====== STUDY MATERIAL
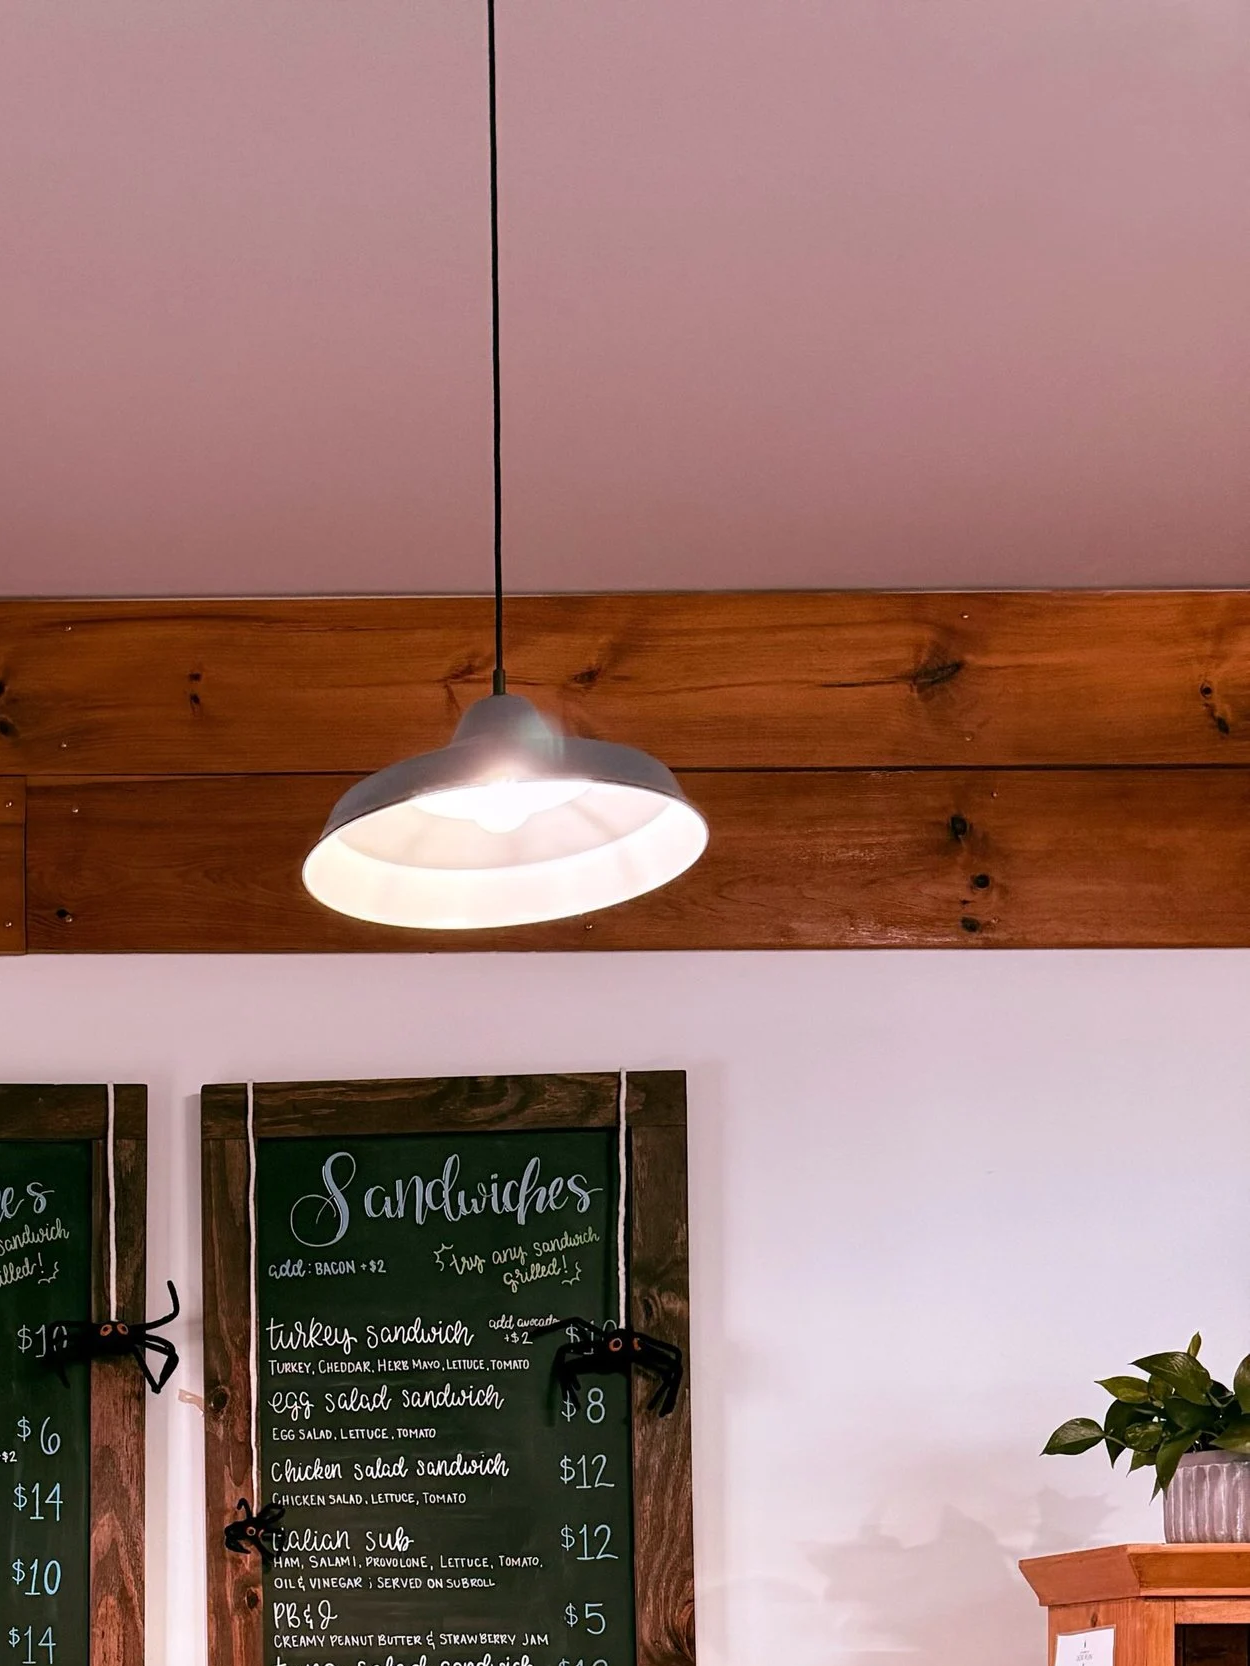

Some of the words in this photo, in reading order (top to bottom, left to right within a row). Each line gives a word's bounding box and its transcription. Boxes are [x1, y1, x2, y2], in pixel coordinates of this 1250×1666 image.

[290, 1151, 604, 1247] Sandwiches
[315, 1260, 355, 1275] BACON
[361, 1260, 386, 1272] +$2
[450, 1254, 485, 1274] try
[493, 1246, 527, 1265] any
[533, 1227, 599, 1256] sandwich
[503, 1255, 569, 1293] grilled!
[266, 1317, 357, 1354] turkey
[367, 1317, 474, 1348] sandwich
[489, 1315, 514, 1329] add
[504, 1332, 533, 1344] +$2
[268, 1392, 314, 1421] egg
[325, 1385, 392, 1412] salad
[402, 1383, 504, 1409] sandwich
[354, 1457, 408, 1480] salad
[417, 1453, 509, 1476] sandwich
[560, 1455, 614, 1488] $12
[13, 1483, 63, 1521] $14
[273, 1529, 350, 1551] ialian
[561, 1524, 618, 1560] $12
[12, 1559, 60, 1595] $10
[9, 1626, 56, 1664] $14
[274, 1635, 325, 1648] CREAMY
[330, 1635, 373, 1646] PEANUT
[378, 1634, 422, 1645] BUTTER
[440, 1633, 515, 1645] STRAWBERRY
[523, 1634, 548, 1645] JAM
============
EXERCISE = Although the records contain pictures, only the text should be copied, exactly as it stands.

OUTPUT BELOW =
Some of the words in this photo, in reading order (top to bottom, left to right within a row). Each line gives a word's bounding box and its transcription. Boxes are [x1, y1, x2, y2], in pixel coordinates of this 1250×1666 image.

[290, 1151, 604, 1247] Sandwiches
[315, 1260, 355, 1275] BACON
[361, 1260, 386, 1272] +$2
[450, 1254, 485, 1274] try
[493, 1246, 527, 1265] any
[533, 1227, 599, 1256] sandwich
[503, 1255, 569, 1293] grilled!
[266, 1317, 357, 1354] turkey
[367, 1317, 474, 1348] sandwich
[489, 1315, 514, 1329] add
[504, 1332, 533, 1344] +$2
[268, 1392, 314, 1421] egg
[325, 1385, 392, 1412] salad
[402, 1383, 504, 1409] sandwich
[354, 1457, 408, 1480] salad
[417, 1453, 509, 1476] sandwich
[560, 1455, 614, 1488] $12
[13, 1483, 63, 1521] $14
[273, 1529, 350, 1551] ialian
[561, 1524, 618, 1560] $12
[12, 1559, 60, 1595] $10
[9, 1626, 56, 1664] $14
[274, 1635, 325, 1648] CREAMY
[330, 1635, 373, 1646] PEANUT
[378, 1634, 422, 1645] BUTTER
[440, 1633, 515, 1645] STRAWBERRY
[523, 1634, 548, 1645] JAM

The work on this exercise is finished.